Thanks for the question, Alison, though I'm not sure that I'm particularly qualified to answer the What Should I do? Psychiatrists know about mental illness, not necessarily about how to make every relationship issue (for example, the one between you and your doc) go smoothly. But, if you just want my opinion, I always seem to have something to say.


First, MWWAK, my favorite obstetrician blogger, has been writing about how sick she's been feeling for some time. She's been out of work, having GI symptoms, frustrated that she can't get an answer or feel better, and when she asked a GI fellow if he could help, the elusive colonoscopy happened, quicker than if she'd gone through the usual secretarial channels. She's been diagnosed with Ulcerative Colitis, and she wonders if it was ethical to back-door herself to the front of the colonoscopy line.


I would contend, as I wait for that job offer as the next Ethicist for The New York Times, that the patient's job is to worry about the patient and not about the greater good of society. A person who is suffering, in any sense of the word, is entitled to advocate for themselves in any reasonable way (this does not mean causing someone's death in order to obtain their organs). That MWWAK called someone and said, "I'm having trouble negotiating this, can you help me?" is simply a request for help by a patient, the fact that she is a physician seems pretty irrelevant here. The patient is entitled to want their suffering to end. In my opinion, MWWAK is free and clear; if there was a question it would be, should the fellow have put her to the front of the line? That wasn't asked, so I won't go there, but it seems to me that life is inherently unfair, and one could ask why some people get better access to the best physicians because they have more money, better insurance, live closer to medical centers... or why friends of the owner of a baseball team get World Series tickets.


The LA Times article you pointed to on KevinMD is nothing short of disgraceful and tragic. A woman comes to the ER three times with abdominal pain. The third time she is told there is nothing they can do, she falls to the floor writhing in pain, is ignored while the janitor mops around her, and she dies of a perforated colon. She was too sick to advocate, but apparently she tried, her boyfriend stood with her dialing 911 and was told that help couldn't be sent to a hospital ER. Maybe someone could have put her in a cab and taken her to another ER? Maybe the boyfriend (who some how got arrested in the deal on an outstanding warrent...or was that the patient? oh it was confusing) could have demanded to speak to the ER attending or a hospital administrator? I'll stick with disgraceful and tragic, and let's hope this isn't a common thing.  [Edit: see also this Washington Post story on an assertive pt with scleroderma. -Roy]


So psychiatrists do worry that psychiatric patients get blown off when they present with medical complaints. Is it true? Maybe. Now days, so many people are on psychotropic medications, that the doc can be just as easily as the patient. All the silly commercials, I believe, may help decrease stigma. A psychiatric patient getting medical care needs to tell their doctor about any psychiatric condition that requires medication.

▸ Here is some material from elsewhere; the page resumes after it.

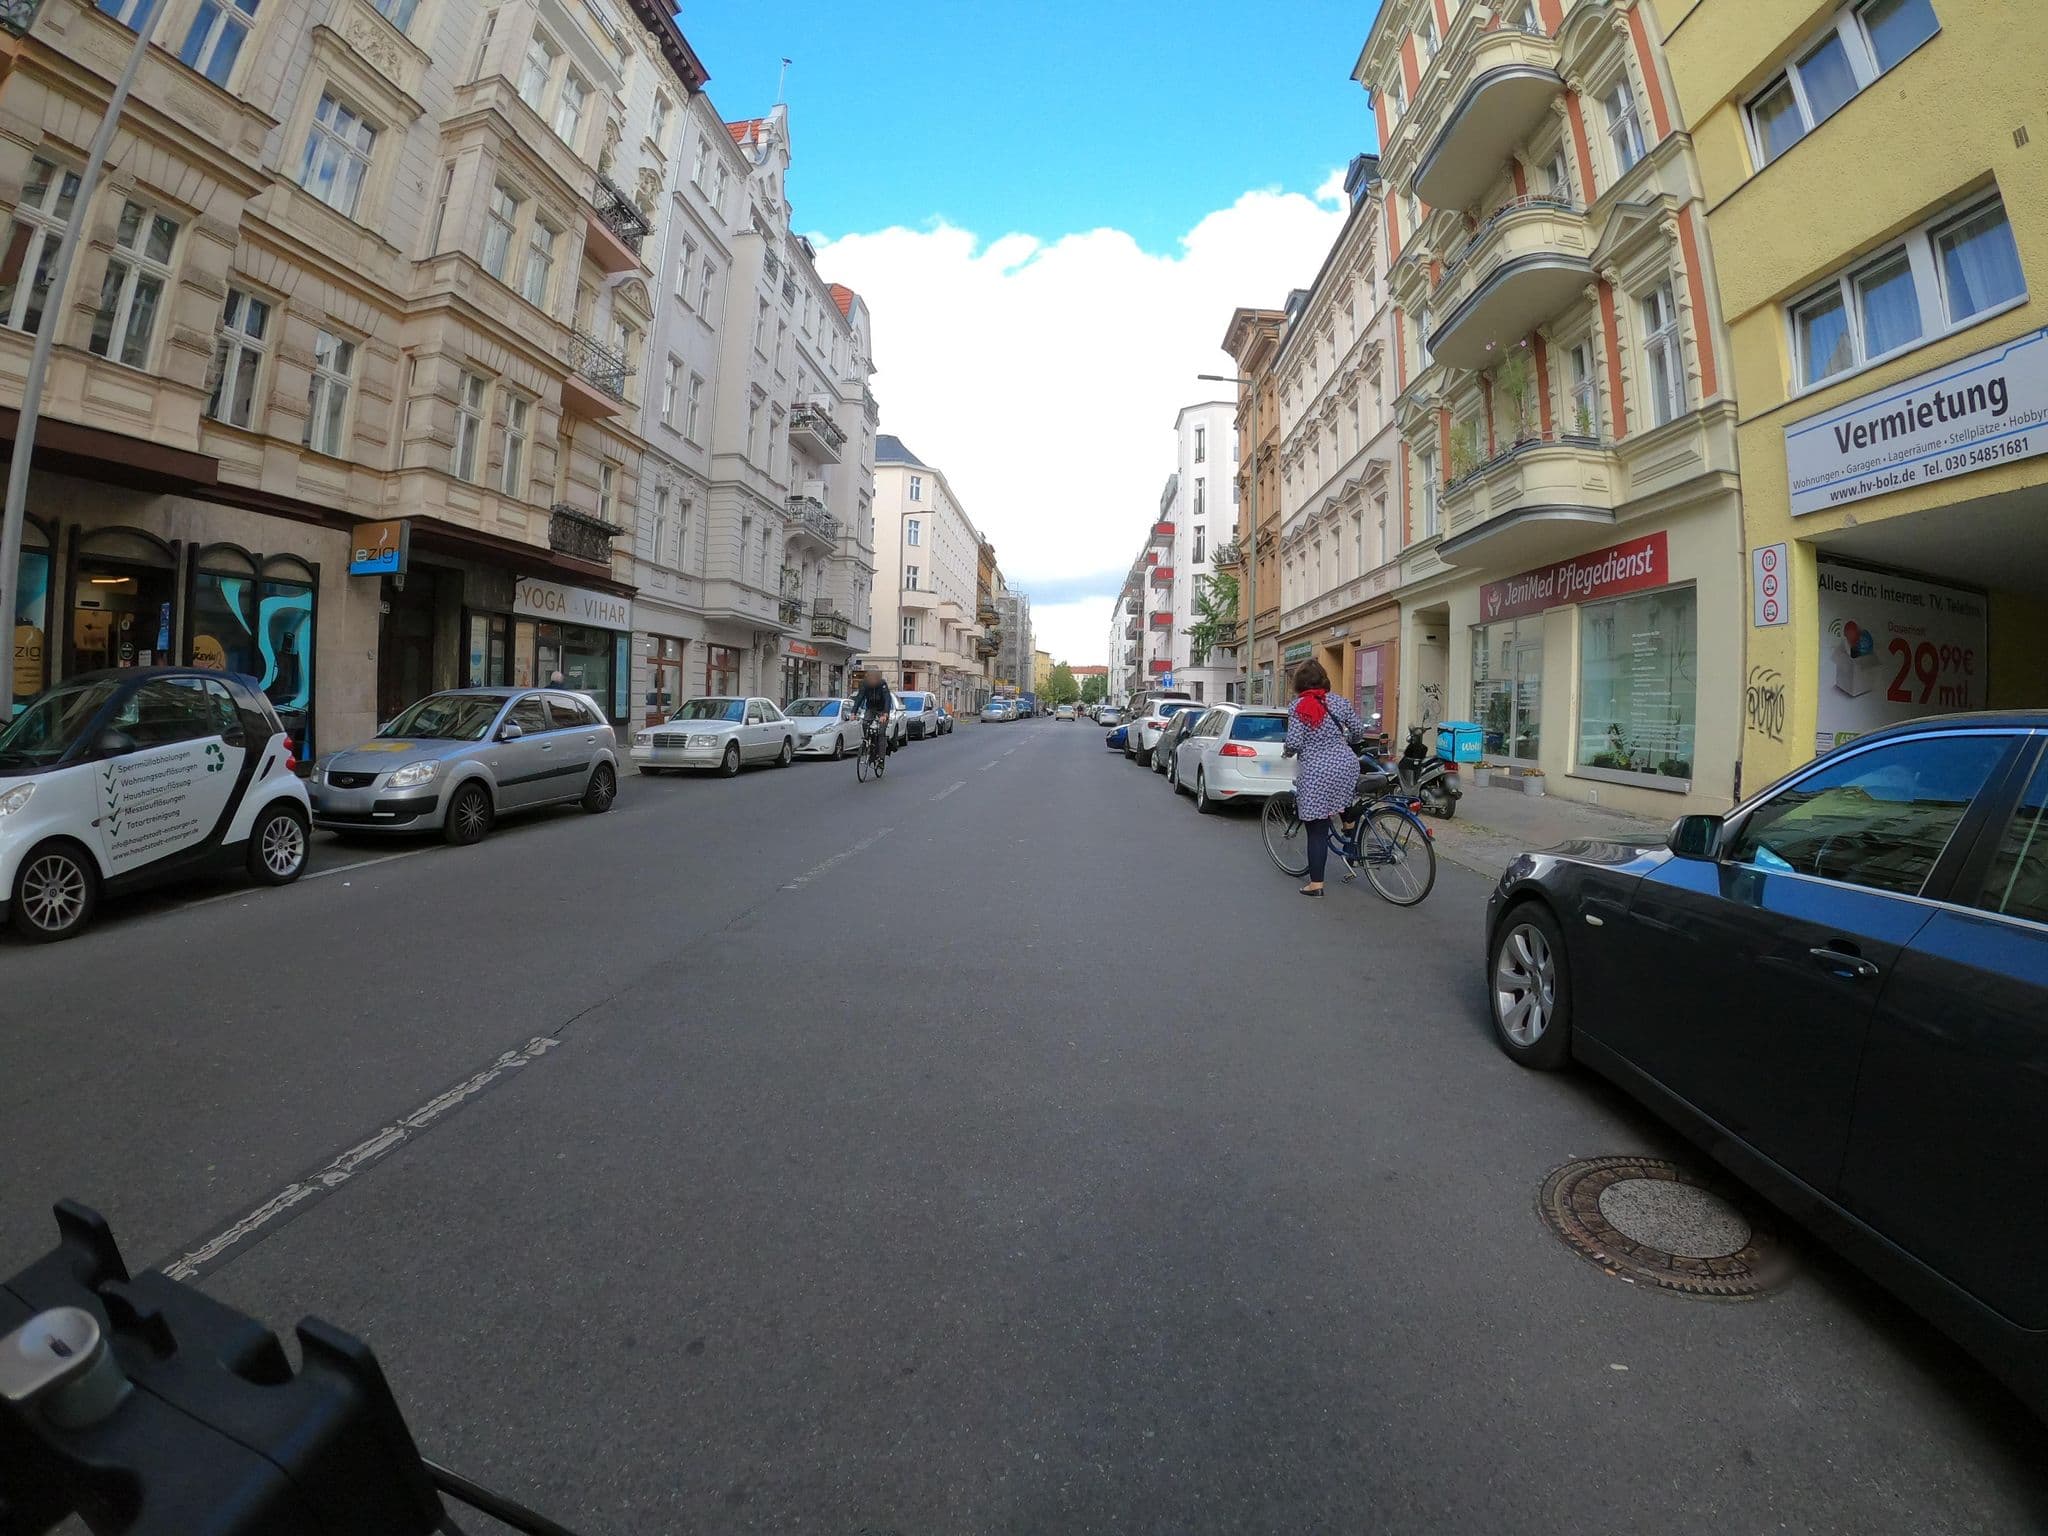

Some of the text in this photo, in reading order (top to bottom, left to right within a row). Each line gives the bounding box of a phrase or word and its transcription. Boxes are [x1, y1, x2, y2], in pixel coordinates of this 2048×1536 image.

So in a vague way: How to Be a Patient. By someone who isn't very experienced and hasn't worked in a general medical setting in some time.

It's fine to ask questions, best to come with a written list. It's fine to look things up on the internet before and to be an educated patient. It's fine to ask if there is a way to expediate getting tests done more quickly-- the answer may be no. So yes, be assertive, and if you're ever actually a patient in a hospital, be nuts. Know exactly what pills you're to be given and verify what each pill is. Don't let anyone do anything to you without being certain you know what's going on. If you're not conscious, this isn't possible, but lots of mistakes get made in hospitals.
It's fine to assert yourself and assertiveness and compliance are not mutually exclusive. It's hard to say how much or when and what exactly it means to be assertive. If there's nothing emergent going on and you have an ongoing relationship with the doc, why not discuss it? It's always reasonable to ask what the diagnosis is, what the treatment options are, what the risk of having or not having any given test or treatment is. Try not to put your doctor on the defensive. Generally, it's good not to yell, scream, or threaten, but after reading the LA Times article....
Maybe Roy has something more useful to add?